> [PROMPT] Each line from the one holding "this 1796×1781 image." to the end of the data below must be output verbatim, with no other lines.

> [DATA TO EXAMINE]

■ ■ ■ ■

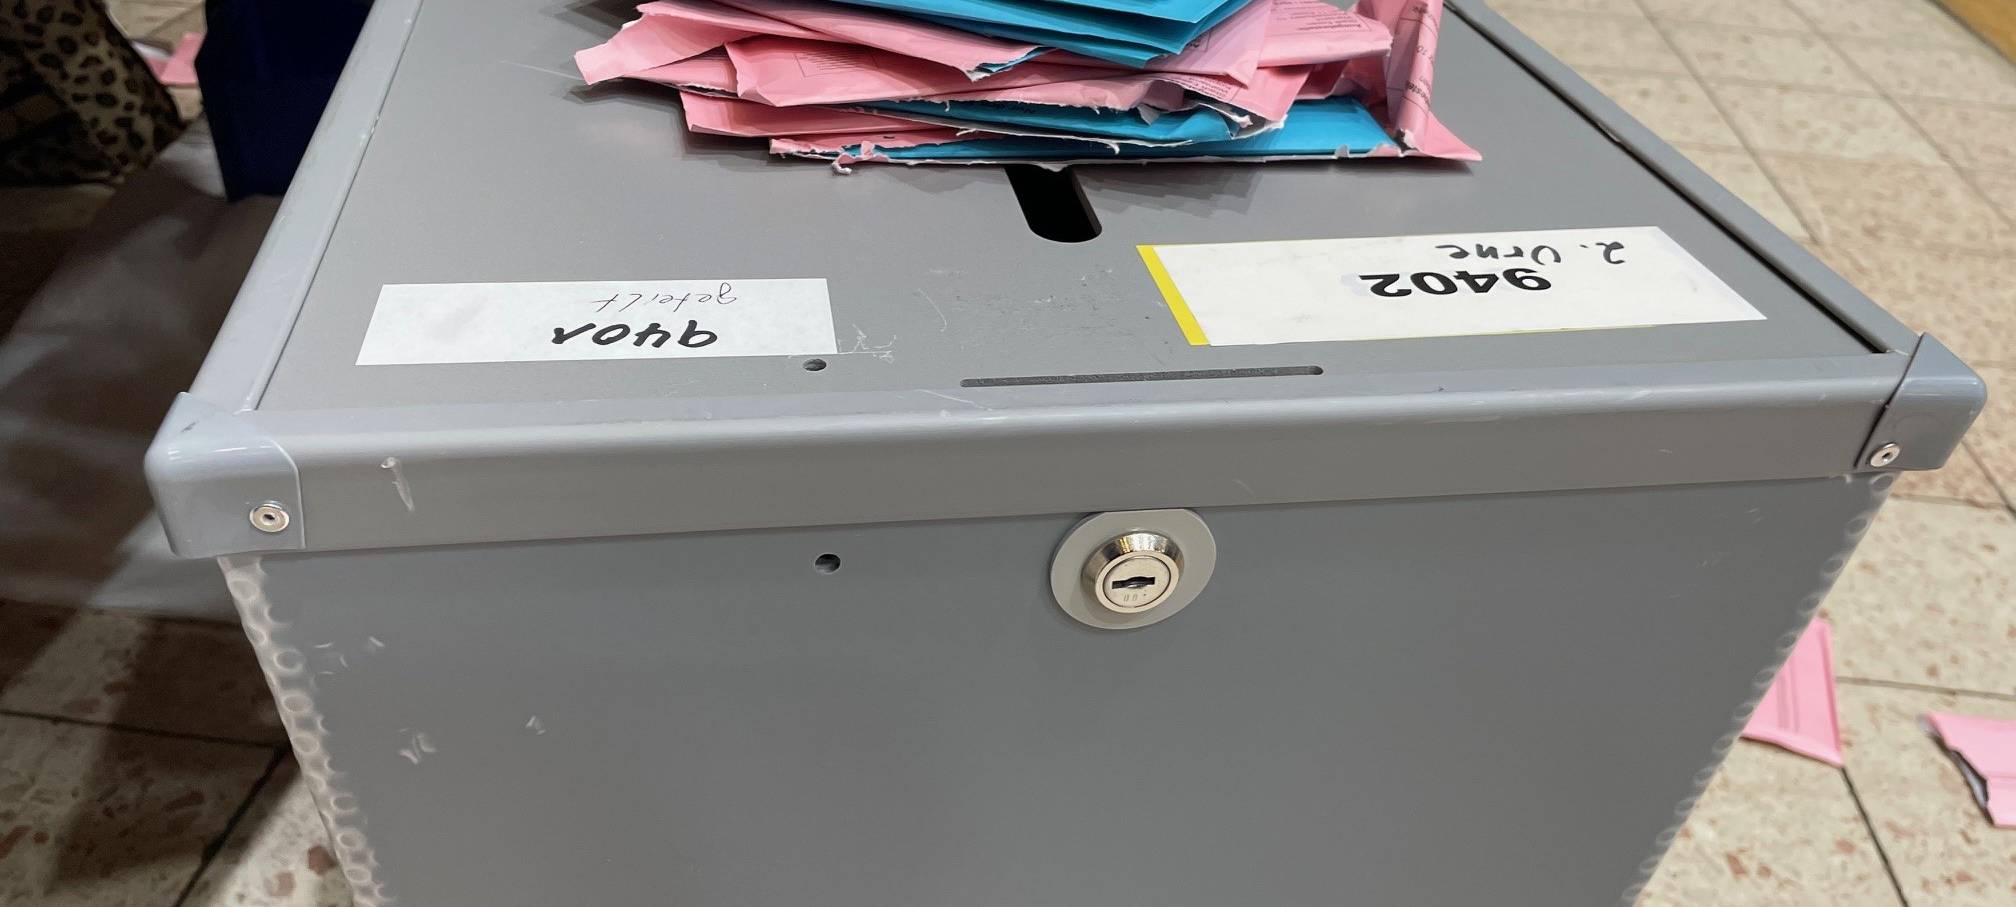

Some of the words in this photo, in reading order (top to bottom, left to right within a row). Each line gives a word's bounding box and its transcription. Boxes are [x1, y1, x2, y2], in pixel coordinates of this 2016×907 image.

[1433, 243, 1562, 266] Urne
[1579, 241, 1626, 265] 2.
[591, 281, 737, 313] geteilt
[1359, 267, 1552, 298] 9402
[551, 319, 718, 348] 9401
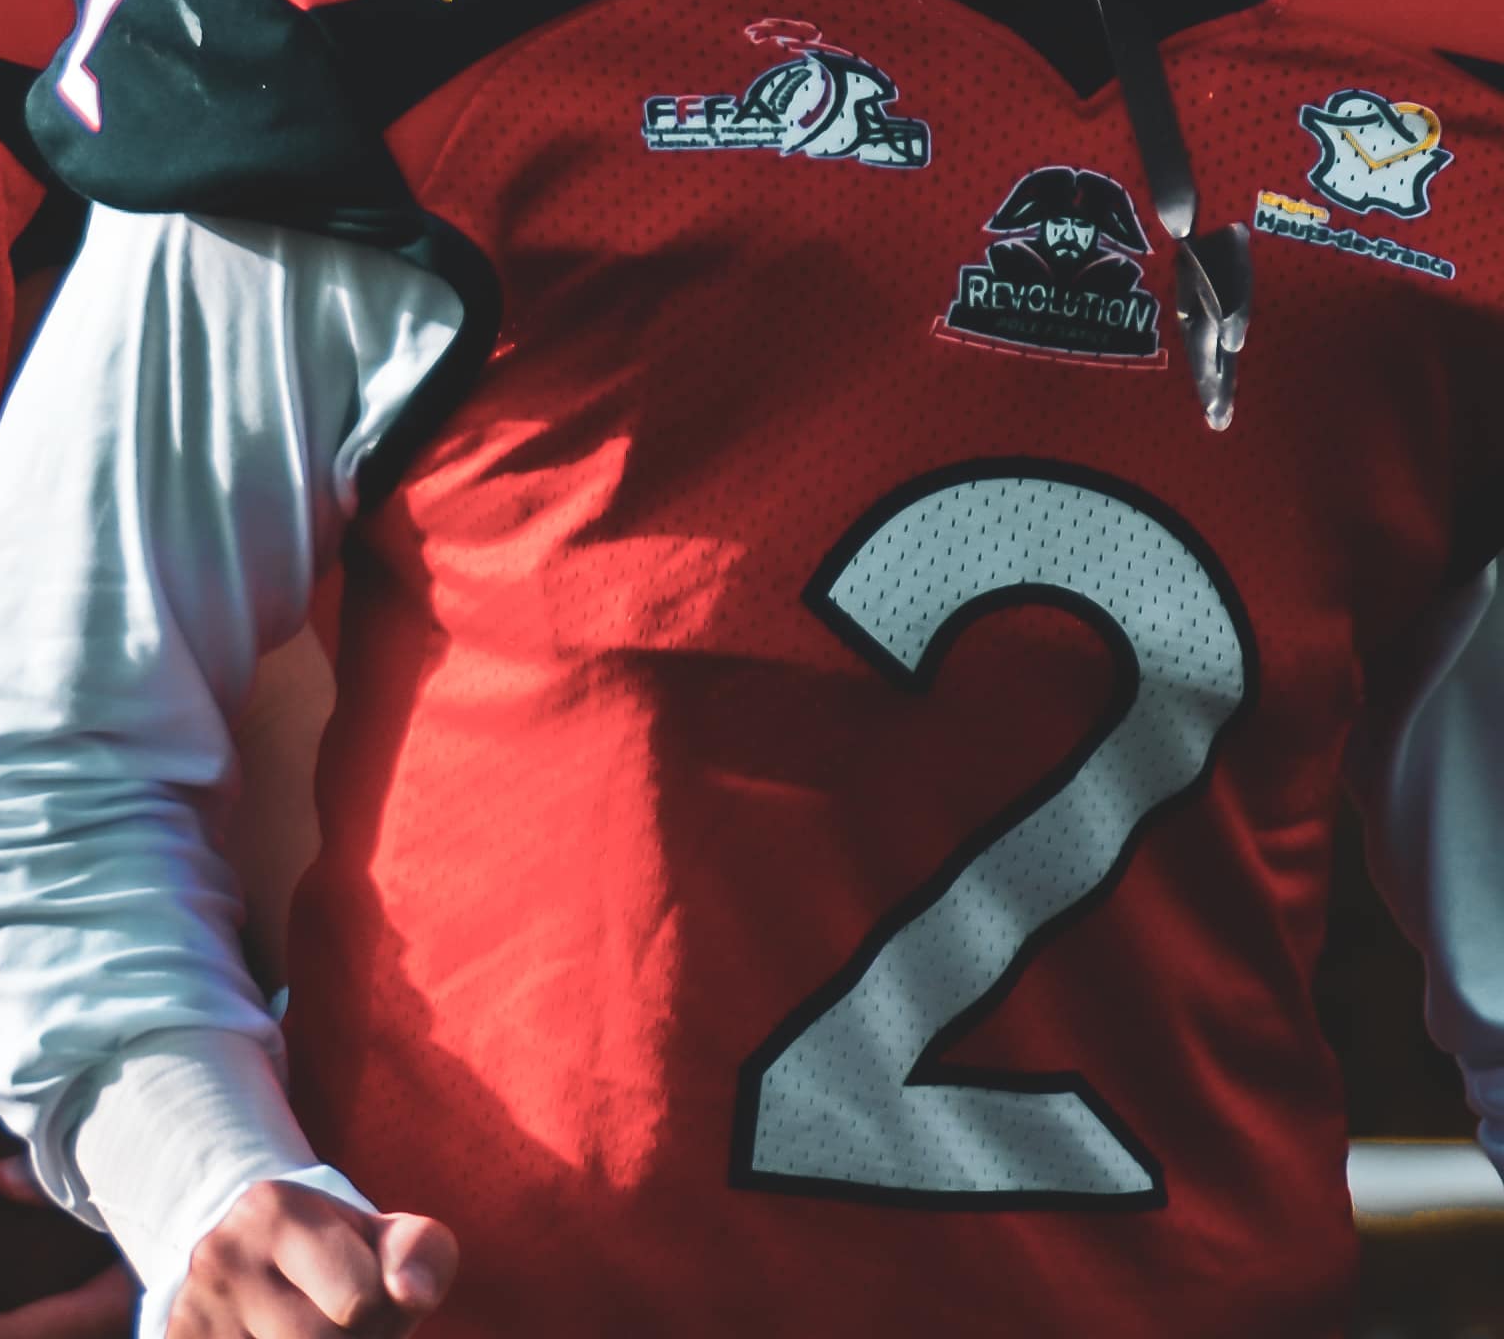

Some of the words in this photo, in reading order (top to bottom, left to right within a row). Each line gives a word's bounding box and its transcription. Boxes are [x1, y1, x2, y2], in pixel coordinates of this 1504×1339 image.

[646, 96, 782, 125] FFFA
[968, 275, 1152, 333] REVOLUTION
[728, 455, 1260, 1209] 2
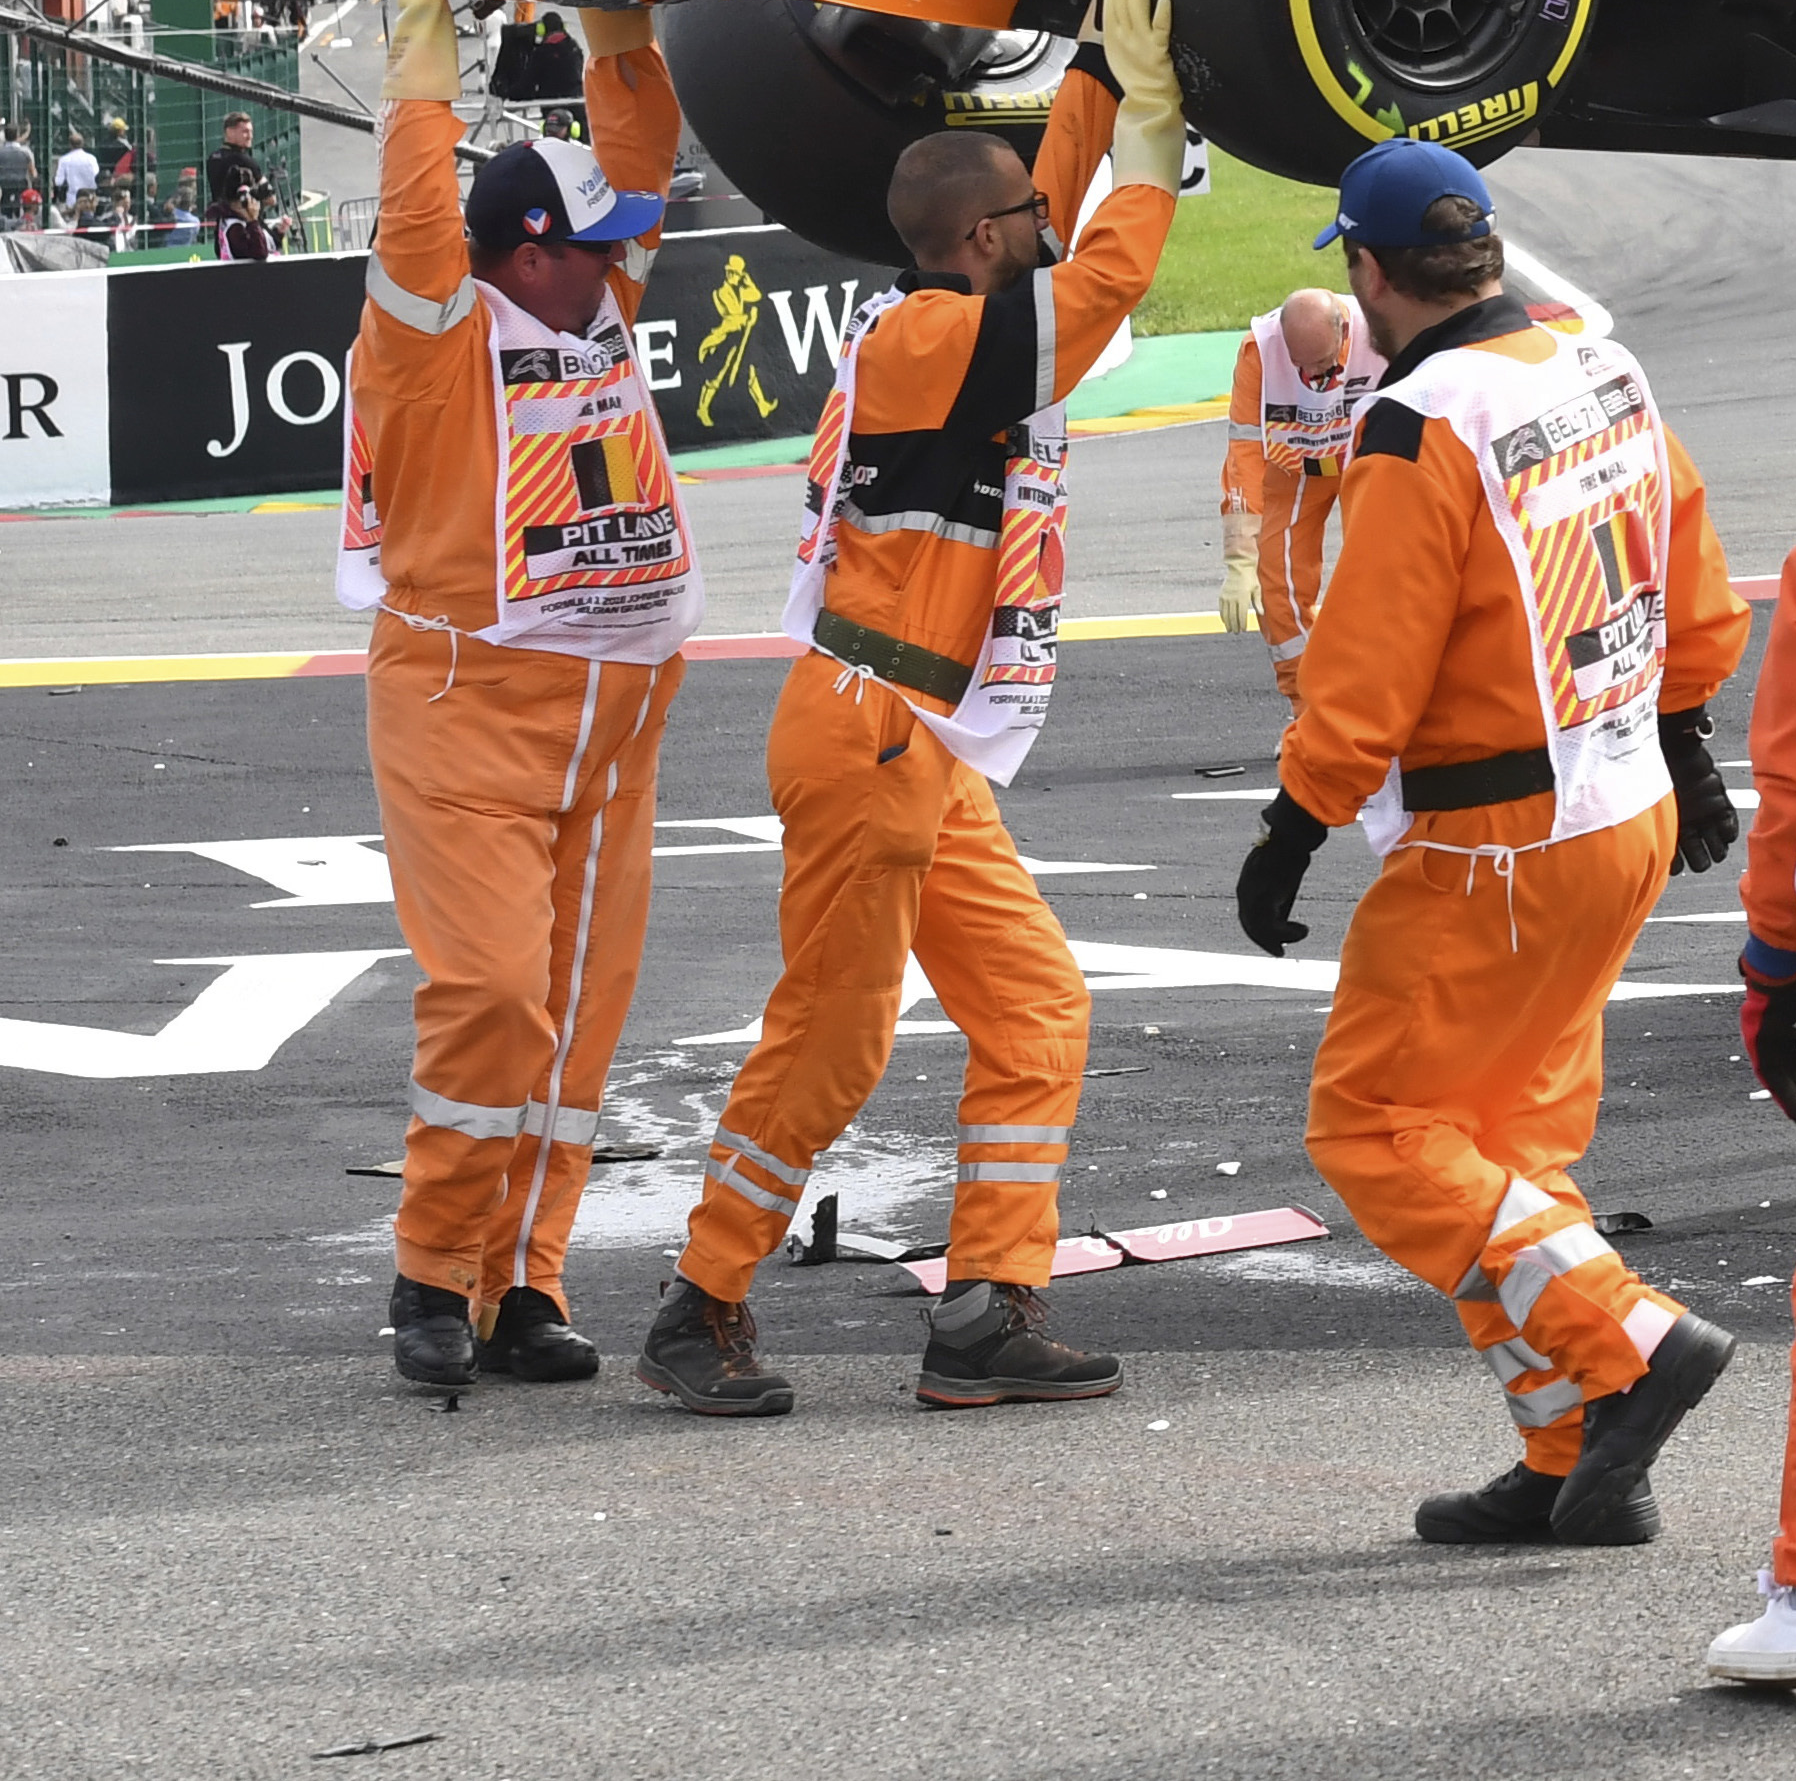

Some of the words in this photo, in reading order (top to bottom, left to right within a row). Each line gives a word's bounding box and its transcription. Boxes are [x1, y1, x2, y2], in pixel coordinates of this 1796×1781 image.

[1407, 80, 1541, 147] PIRELLI
[561, 517, 614, 547] PIT
[572, 546, 619, 568] ALL
[1599, 618, 1629, 655] PIT

■ ■ ■ ■

> [FINISHED TASK]
Some of the words in this photo, in reading order (top to bottom, left to right within a row). Each line gives a word's bounding box and its transcription. Boxes are [x1, y1, x2, y2], in pixel coordinates of this 1796×1781 image.

[1407, 80, 1541, 147] PIRELLI
[561, 517, 614, 547] PIT
[572, 546, 619, 568] ALL
[1599, 618, 1629, 655] PIT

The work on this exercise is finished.